▶ Data for this task:

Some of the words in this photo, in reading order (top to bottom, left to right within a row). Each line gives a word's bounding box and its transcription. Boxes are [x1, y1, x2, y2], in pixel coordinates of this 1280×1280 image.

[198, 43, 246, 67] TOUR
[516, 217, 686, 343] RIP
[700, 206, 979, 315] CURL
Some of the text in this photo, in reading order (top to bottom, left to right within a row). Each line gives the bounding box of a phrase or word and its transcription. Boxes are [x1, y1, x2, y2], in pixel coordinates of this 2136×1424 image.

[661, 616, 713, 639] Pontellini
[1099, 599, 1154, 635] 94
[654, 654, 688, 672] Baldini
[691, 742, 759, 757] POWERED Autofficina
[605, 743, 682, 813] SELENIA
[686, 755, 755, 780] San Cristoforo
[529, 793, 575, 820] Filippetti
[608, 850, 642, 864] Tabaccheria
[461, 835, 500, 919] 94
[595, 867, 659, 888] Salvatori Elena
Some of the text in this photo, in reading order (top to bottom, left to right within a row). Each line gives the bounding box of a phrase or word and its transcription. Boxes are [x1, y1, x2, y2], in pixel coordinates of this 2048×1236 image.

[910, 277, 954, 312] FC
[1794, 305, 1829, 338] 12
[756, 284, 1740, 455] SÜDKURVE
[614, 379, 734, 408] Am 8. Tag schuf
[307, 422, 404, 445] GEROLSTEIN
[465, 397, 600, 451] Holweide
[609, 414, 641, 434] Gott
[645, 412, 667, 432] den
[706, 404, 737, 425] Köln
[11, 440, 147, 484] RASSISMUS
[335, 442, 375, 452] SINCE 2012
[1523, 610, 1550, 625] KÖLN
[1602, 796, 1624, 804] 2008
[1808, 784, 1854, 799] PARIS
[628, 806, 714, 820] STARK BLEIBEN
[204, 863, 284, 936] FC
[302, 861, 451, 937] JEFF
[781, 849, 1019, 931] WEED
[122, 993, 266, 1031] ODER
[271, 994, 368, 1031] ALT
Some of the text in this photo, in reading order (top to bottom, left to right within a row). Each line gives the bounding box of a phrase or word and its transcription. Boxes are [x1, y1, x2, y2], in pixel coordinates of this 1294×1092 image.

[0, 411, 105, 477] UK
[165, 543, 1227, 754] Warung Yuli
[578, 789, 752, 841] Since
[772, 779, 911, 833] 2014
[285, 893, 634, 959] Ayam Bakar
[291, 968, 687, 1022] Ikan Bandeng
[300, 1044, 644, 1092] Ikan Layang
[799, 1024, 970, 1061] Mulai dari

▶ What is being asked: Please return all of the entries above, exactly and completely.

▶ Answer section:
Some of the words in this photo, in reading order (top to bottom, left to right within a row). Each line gives a word's bounding box and its transcription. Boxes are [x1, y1, x2, y2], in pixel coordinates of this 1280×1280 image.

[198, 43, 246, 67] TOUR
[516, 217, 686, 343] RIP
[700, 206, 979, 315] CURL
Some of the text in this photo, in reading order (top to bottom, left to right within a row). Each line gives the bounding box of a phrase or word and its transcription. Boxes are [x1, y1, x2, y2], in pixel coordinates of this 2136×1424 image.

[661, 616, 713, 639] Pontellini
[1099, 599, 1154, 635] 94
[654, 654, 688, 672] Baldini
[691, 742, 759, 757] POWERED Autofficina
[605, 743, 682, 813] SELENIA
[686, 755, 755, 780] San Cristoforo
[529, 793, 575, 820] Filippetti
[608, 850, 642, 864] Tabaccheria
[461, 835, 500, 919] 94
[595, 867, 659, 888] Salvatori Elena
Some of the text in this photo, in reading order (top to bottom, left to right within a row). Each line gives the bounding box of a phrase or word and its transcription. Boxes are [x1, y1, x2, y2], in pixel coordinates of this 2048×1236 image.

[910, 277, 954, 312] FC
[1794, 305, 1829, 338] 12
[756, 284, 1740, 455] SÜDKURVE
[614, 379, 734, 408] Am 8. Tag schuf
[307, 422, 404, 445] GEROLSTEIN
[465, 397, 600, 451] Holweide
[609, 414, 641, 434] Gott
[645, 412, 667, 432] den
[706, 404, 737, 425] Köln
[11, 440, 147, 484] RASSISMUS
[335, 442, 375, 452] SINCE 2012
[1523, 610, 1550, 625] KÖLN
[1602, 796, 1624, 804] 2008
[1808, 784, 1854, 799] PARIS
[628, 806, 714, 820] STARK BLEIBEN
[204, 863, 284, 936] FC
[302, 861, 451, 937] JEFF
[781, 849, 1019, 931] WEED
[122, 993, 266, 1031] ODER
[271, 994, 368, 1031] ALT
Some of the text in this photo, in reading order (top to bottom, left to right within a row). Each line gives the bounding box of a phrase or word and its transcription. Boxes are [x1, y1, x2, y2], in pixel coordinates of this 1294×1092 image.

[0, 411, 105, 477] UK
[165, 543, 1227, 754] Warung Yuli
[578, 789, 752, 841] Since
[772, 779, 911, 833] 2014
[285, 893, 634, 959] Ayam Bakar
[291, 968, 687, 1022] Ikan Bandeng
[300, 1044, 644, 1092] Ikan Layang
[799, 1024, 970, 1061] Mulai dari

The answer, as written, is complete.